For the Soul of France: Culture Wars in the Age of Dreyfus, by Frederick Brown. New York: Knopf, 2010. 304 pp. $28.95.
Why the Dreyfus Affair Matters, by Louis Begley. New Haven: Yale University Press, 2009. 249 pp. $16.00.

Some hundred years after Alfred Dreyfus, a Jewish officer in the French army, was found guilty in 1894 by a prejudiced military tribunal of passing defense secrets to Germany, the injustice continues to resonate among the tragic events that shaped Jewish history in the twentieth century. It may be argued whether a direct link can be made between the Dreyfus Affair and the deportation by the Vichy government of more than 70,000 French Jews during the Holocaust, but it is unquestionable that the framing of Dreyfus in 1894 unleashed a virulent antisemitism in the most democratic country in Western Europe, a miscarriage of justice that continues to evoke strong emotions in contemporary France.

The three books under review concerning the Dreyfus "affair" provide a comprehensive understanding of the political, cultural, and social context that permitted the injustice endured by Dreyfus to occur. In the process, the books reveal a great deal about how antisemitism in France helped shape the course of modern Jewish history in the twentieth century. Indeed, Theodore Herzl, who reported on the trial for his Viennese newspaper, wrote, "If France, the home of the Revolution, was susceptible to the basest anti-Semitism, was that not proof of the need for a Jewish homeland?." The Dreyfus affair most definitely [End Page 119] had much to do with mobilizing the nascent Zionist undertaking into the political movement that subsequently contributed almost fifty years later to the creation of the state of Israel.
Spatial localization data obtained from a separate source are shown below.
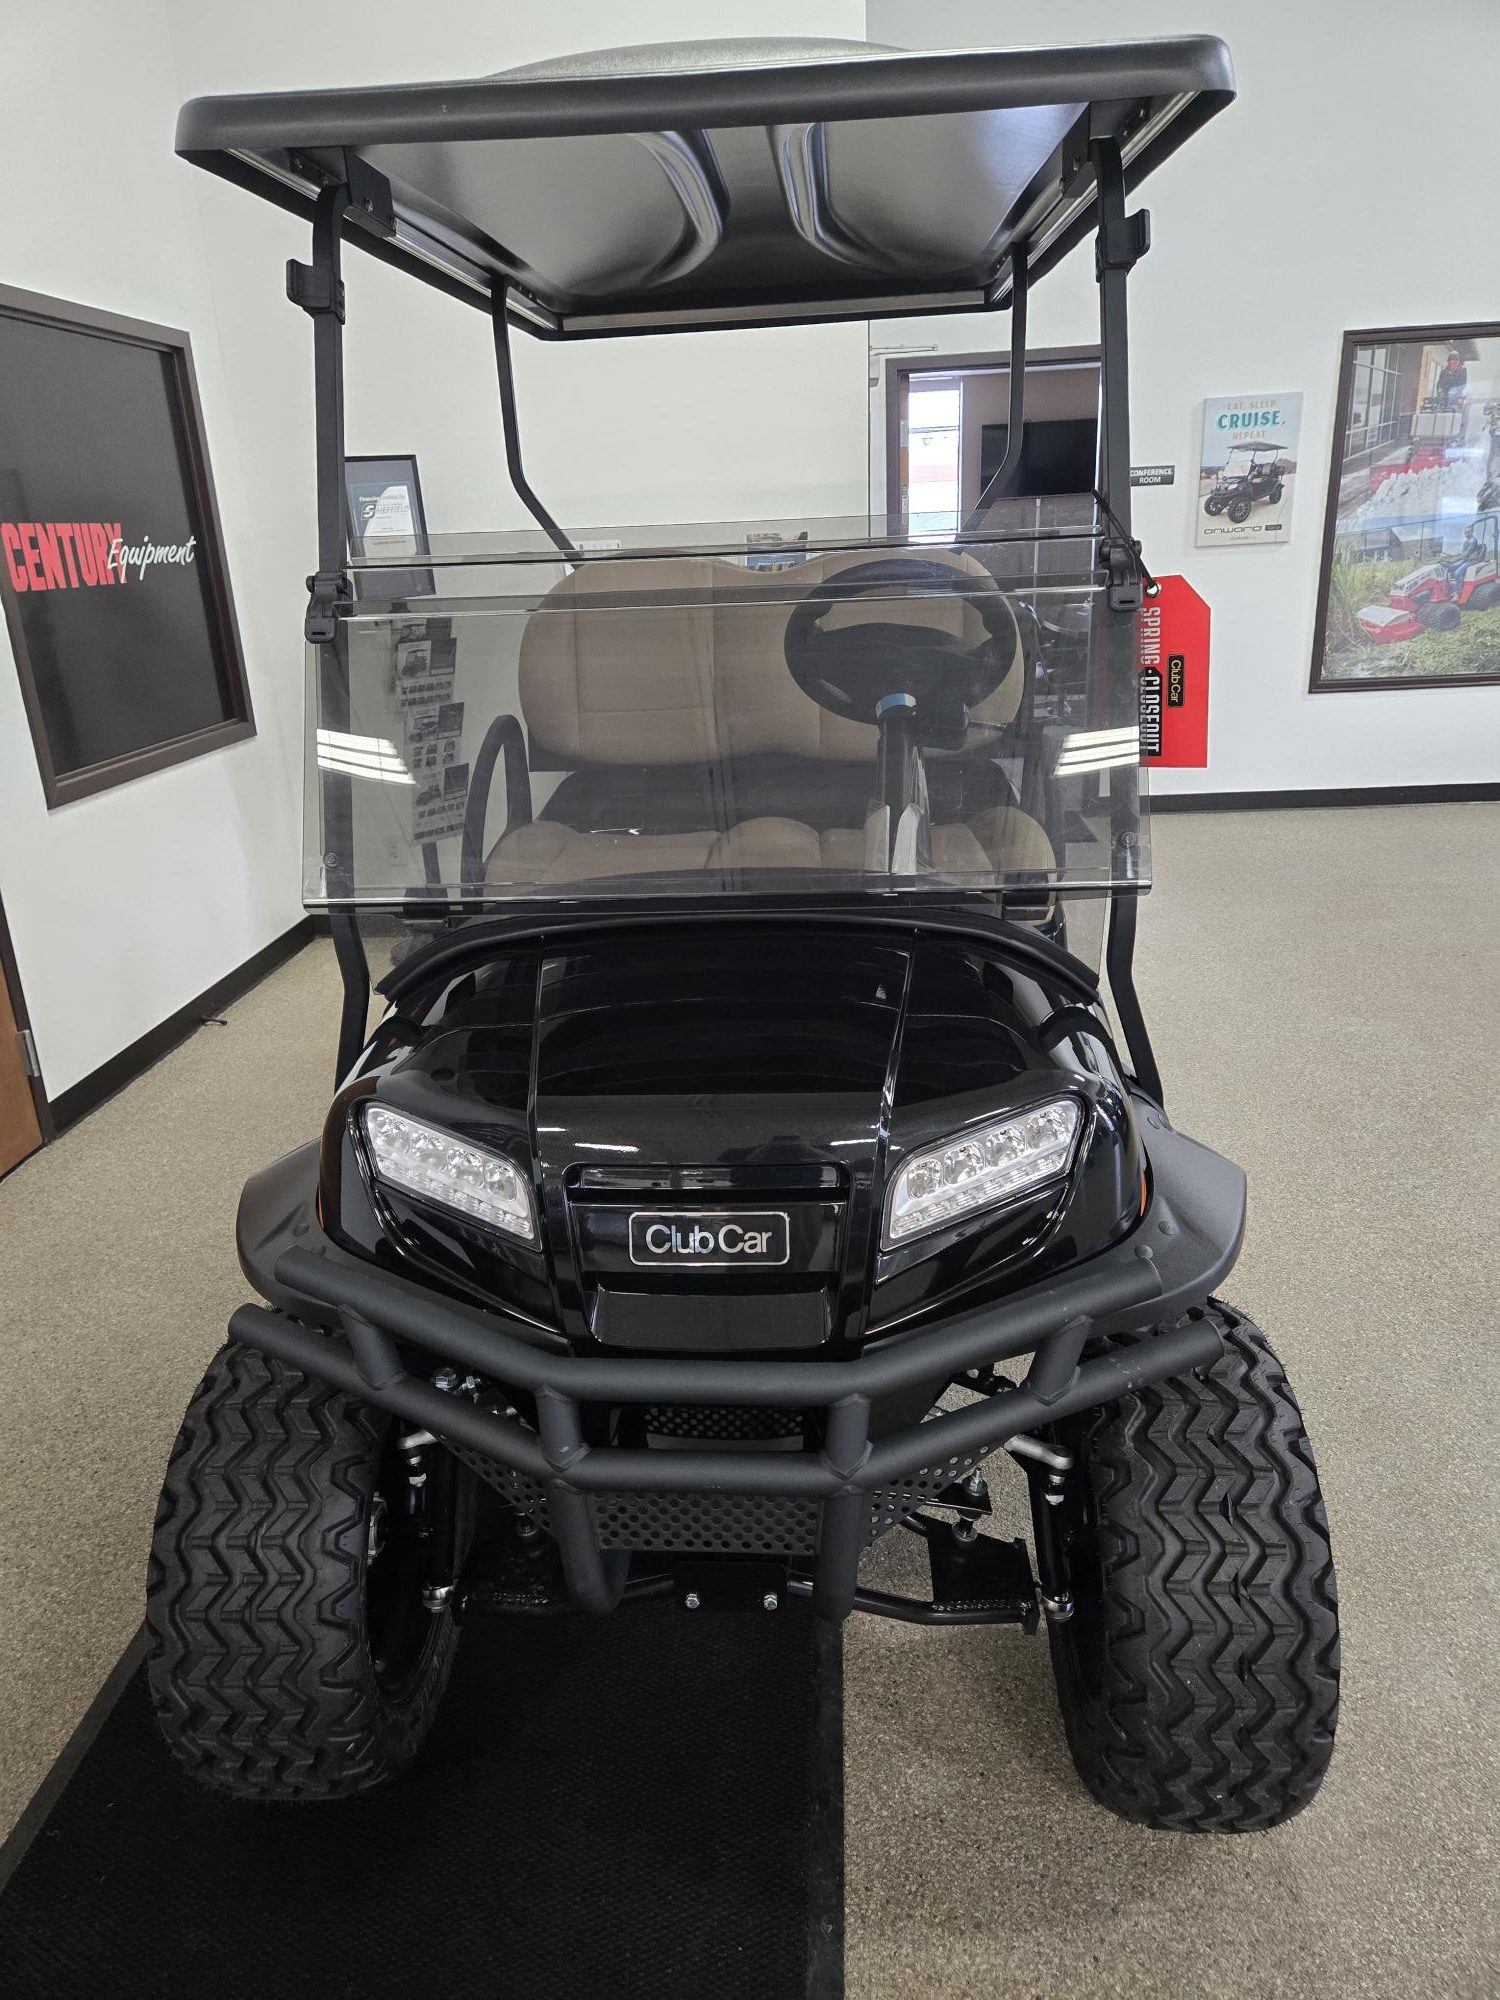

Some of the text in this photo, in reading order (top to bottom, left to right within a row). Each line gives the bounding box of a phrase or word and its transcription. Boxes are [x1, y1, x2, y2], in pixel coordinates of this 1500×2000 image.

[1217, 410, 1286, 429] CRUISE.
[1130, 468, 1172, 476] CONFERENCE
[0, 523, 127, 592] CENTURY
[107, 535, 197, 584] Equipment
[1140, 606, 1161, 753] SPRING CLOSEOUT
[1170, 659, 1182, 703] Club Car
[645, 1224, 772, 1254] Club Car
Too often when we think of the Dreyfus Affair, we tend to think of it along the lines of simply a struggle between antisemitic anti-Dreyfusards, who were determined to railroad Dreyfus to a lifetime of imprisonment on Devil's Island despite evidence that proved his innocence, versus the Dreyfusards, who recognized that he was framed by forces that not only hated Jews but were opposed to the idea of democratic constitutional government as epitomized by the Third French Republic. In her indispensable history of the Dreyfus Affair, Ruth Harris, author of Lourdes: Body and Spirit in the Secular Age, and a fellow and tutor at Oxford University, in her examination of the trial and the ensuing riots against Jews in France and its colonies, does not underestimate the antisemitic factor in the "affair" but also concludes that the division over Dreyfus's guilt or innocence was far more complex. Harris describes how the trial and its aftermath divided families and friendships, if not the nation itself, including a number of anti-semites, such as Georges Picquart, who placed the rule of law above his predilection to dislike Jews. But the likes of Picquart were few inasmuch as most antisemites were ready to overlook the evidence of Dreyfus's innocence because of their visceral hatred of Jews. Other factors that contributed to the division over the Dreyfus Affair included the reluctance of the military to not dishonor its leadership by admitting its criminality in forging evidence against Dreyfus, the clash between the demands of justice versus national security concerns, a theme which is also addressed in Louis Begley's book, and the oppositional role of the French Catholic Church, which associated France's Jews with the secular-minded Republic and its commitment to the separation of church and state. This, however, is not to underestimate the role of antisemitism in France as an important factor in the Dreyfus Affair. Harris notes that the universalism of the Third French Republic was countered by xenophobic nationalists (not unlike its Völkisch counterparts in Germany) who, like Maurice Barres, saw "France's regions as different 'mothers,' whose variety underpinned the country's divergent vitality. Jews and Protestants, on the other hand, were incarnations of cosmopolitanism, and therefore rootless parasites. They loved 'universalism,' Barres believed, because it masked...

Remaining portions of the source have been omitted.